This would prove to be a vain hope, as we know now, but to Rogar Baratheon in 50 AC it seemed possible. For a time he must surely have drawn encouragement from the king’s own silence. Jaehaerys had moved swiftly to marry Alysanne, but having done the deed he seemed in no great haste to announce it. He certainly had the means to do so, had he so desired. Maester Culiper, still spry at eighty, had been serving since Queen Visenya’s day, and was ably assisted by two younger maesters. Dragonstone had a full complement of ravens. At a word from Jaehaerys, his marriage could have been proclaimed from one end of the realm to the other. He did not speak that word.
Scholars have debated ever since as to the reasons for his silence. Was he repenting a match made in haste, as Queen Alyssa would have wished? Had Alysanne somehow offended him? Had he grown fearful of the realm’s response to the marriage, recalling all that had befallen Aegon and Rhaena? Was it possible that Septon Mattheus’s dire prophecies had shaken him more than he cared to admit? Or was he simply a boy of fifteen who had acted rashly with no thought to the consequences, only to find himself now at a loss as to how to proceed?
Arguments can and have been made for all these explanations, but in light of what we know now about Jaehaerys I Targaryen, they ultimately ring hollow. Young or old, this was a king who never acted without thinking. To this writer it seems plain that Jaehaerys was not repenting his marriage and had no intention of undoing it.
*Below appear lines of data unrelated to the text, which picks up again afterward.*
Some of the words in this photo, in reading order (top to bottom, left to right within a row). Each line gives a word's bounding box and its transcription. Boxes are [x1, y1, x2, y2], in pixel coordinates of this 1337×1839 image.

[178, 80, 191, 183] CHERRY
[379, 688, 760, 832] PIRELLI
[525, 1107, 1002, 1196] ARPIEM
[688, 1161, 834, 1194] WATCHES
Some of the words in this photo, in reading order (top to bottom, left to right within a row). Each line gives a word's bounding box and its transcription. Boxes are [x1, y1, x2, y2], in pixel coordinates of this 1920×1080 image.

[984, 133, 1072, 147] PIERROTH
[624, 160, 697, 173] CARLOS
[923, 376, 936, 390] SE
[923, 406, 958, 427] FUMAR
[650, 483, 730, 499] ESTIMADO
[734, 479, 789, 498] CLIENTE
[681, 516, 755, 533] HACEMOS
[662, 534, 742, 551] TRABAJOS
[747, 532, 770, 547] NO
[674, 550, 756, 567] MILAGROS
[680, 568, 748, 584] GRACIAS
He had chosen the queen he wanted and would make the realm aware of that in due course, but at a time of his own choosing, in a manner best calculated to lead to acceptance: when he was a man grown and a king ruling in his own right, not a boy who had wed in defiance of his regent’s wishes.
The young king’s absence from court did not go unnoticed for long. The ashes of the bonfires lit in celebration of the new year had scarce grown cold before the people of King’s Landing began asking questions. To curtail the rumors, Queen Alyssa put out word that His Grace was resting and reflecting on Dragonstone, the ancient seat of his house … but as more time passed, with still no sign of Jaehaerys, lords and smallfolk alike began to wonder. Was the king ill? Had he been made a prisoner, for reasons yet unknown? The personable and handsome boy king had moved amongst the people of King’s Landing so freely, seemingly delighting in mingling with them, that this sudden disappearance seemed unlike him.
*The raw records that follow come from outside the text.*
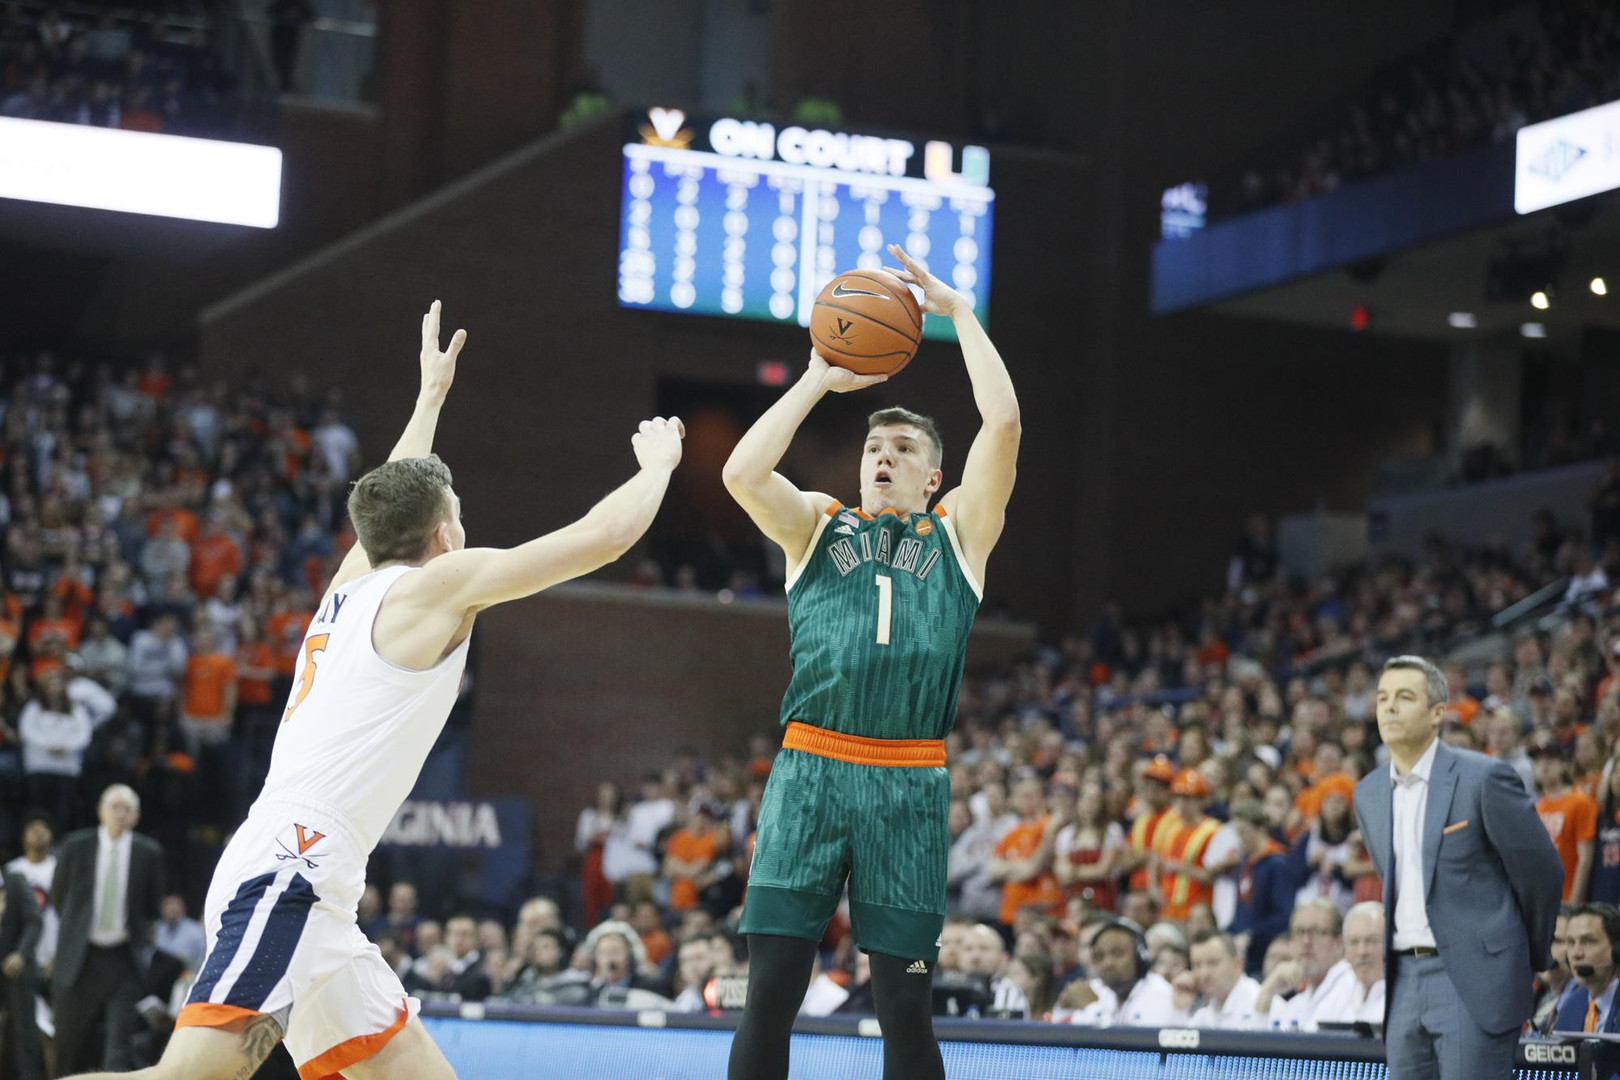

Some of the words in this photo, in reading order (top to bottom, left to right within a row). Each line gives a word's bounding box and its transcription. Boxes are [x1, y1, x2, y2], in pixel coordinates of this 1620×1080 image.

[709, 117, 775, 161] ON
[777, 126, 915, 177] COURT
[836, 317, 854, 336] V
[827, 527, 941, 581] MIAMI
[875, 574, 892, 645] 1
[284, 632, 331, 723] 5
[293, 822, 327, 856] V
[1524, 1043, 1576, 1064] GEICO
Queen Alysanne, for her part, was in no haste to return to court. “Here I have you to myself, day and night,” she told Jaehaerys. “When we go back, I shall be fortunate to snatch an hour with you, for every man in Westeros will want a piece of you.” For her, these days on Dragonstone were an idyll. “Many years from now when we are old and grey, we shall look back upon these days and smile, remembering how happy we were.”
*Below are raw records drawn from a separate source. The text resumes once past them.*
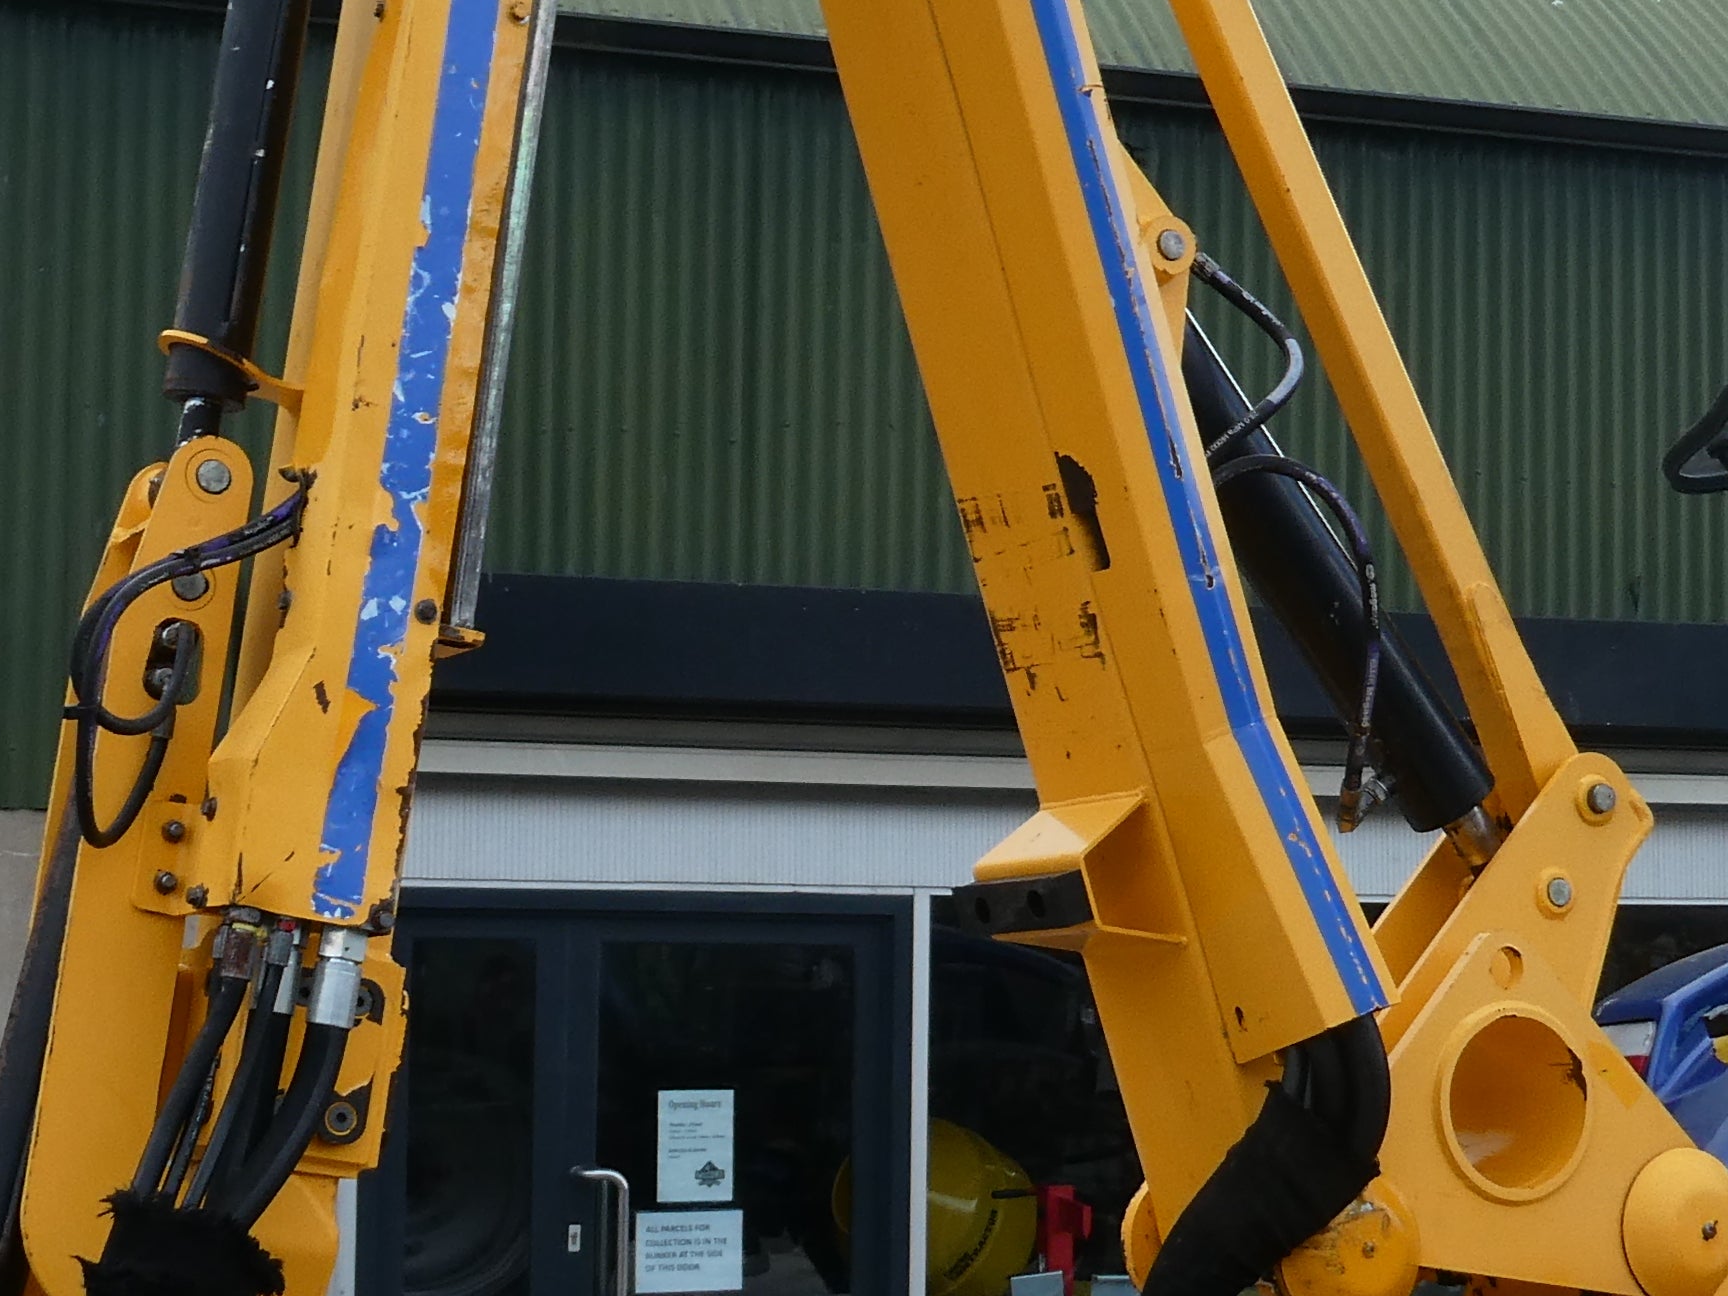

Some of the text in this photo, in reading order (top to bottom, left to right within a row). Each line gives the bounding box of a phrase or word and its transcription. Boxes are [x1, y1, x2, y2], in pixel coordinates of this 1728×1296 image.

[645, 1225, 660, 1233] ALL
[695, 1223, 710, 1232] FOR
[714, 1236, 728, 1245] THE
[679, 1250, 688, 1259] AT
[690, 1250, 705, 1258] THE
Jaehaerys himself no doubt shared some of these sentiments, but the young king had other reasons for remaining on Dragonstone. Unlike his uncle Maegor, he was not prone to bursts of rage, but he was more than capable of anger, and he would never forget nor forgive his deliberate exclusion from the council meetings wherein his marriage and that of his sister were being discussed. And whilst he would always remain grateful to Rogar Baratheon for helping him to the Iron Throne, Jaehaerys did not intend to be ruled by him. “I had one father,” he said to Maester Culiper during those days on Dragonstone, “I do not require a second.” The king recognized and appreciated the virtues of the Hand, but he was aware of his flaws as well, flaws that had become very apparent in the days leading up to the Golden Wedding, when Jaehaerys himself had sat in audience with the lords of the realm whilst Lord Rogar was hunting, drinking, and deflowering maidens.
Jaehaerys was aware of his own shortcomings too—shortcomings he intended to rectify before he sat the Iron Throne. His father, King Aenys, had been slighted as weak, in part because he was not the warrior that his brother Maegor was. Jaehaerys was determined that no man would ever question his own courage or skill at arms. On Dragonstone he had Ser Merrell Bullock, commander of the castle garrison, his sons Ser Alyn and Ser Howard, a seasoned master-at-arms in Ser Elyas Scales, and his own Seven, the finest fighters in the realm. Every morning Jaehaerys trained with them in the castle yard, shouting at them to come at him harder, to press him, harry him, and attack him in every way they knew. From sunrise till noon he worked with them, honing his skills with sword and spear and mace and axe whilst his new queen looked on.
It was a hard and brutal regimen. Each bout ended only when the king himself or his opponent declared him dead. Jaehaerys died so often that the men of the garrison made a game of it, shouting “The king is dead” every time he fell, and “Long live the king” when he struggled to his feet. His foes began a contest, wagering with one another to see which of them could kill the king the most. (The victor, we are told, was young Ser Pate the Woodcock, whose darting spear purportedly gave His Grace fits.) Jaehaerys was oft bruised and bloody by evening, to Alysanne’s distress, but his prowess improved so markedly that near the end of his time on Dragonstone, old Ser Elyas himself told him, “Your Grace, you will never be a Kingsguard, but if by some sorcery your uncle Maegor himself were to rise from the grave, my coin would be on you.”
One evening, after a day in which Jaehaerys had been severely tested and battered, Maester Culiper said to him, “Your Grace, why do you punish yourself so harshly? The realm is at peace.”The young king only smiled and replied, “The realm was at peace when my grandsire died, but scarcely had my father climbed onto the throne than foes rose up on every side. They were testing him, to learn if he was strong or weak. They will test me as well.”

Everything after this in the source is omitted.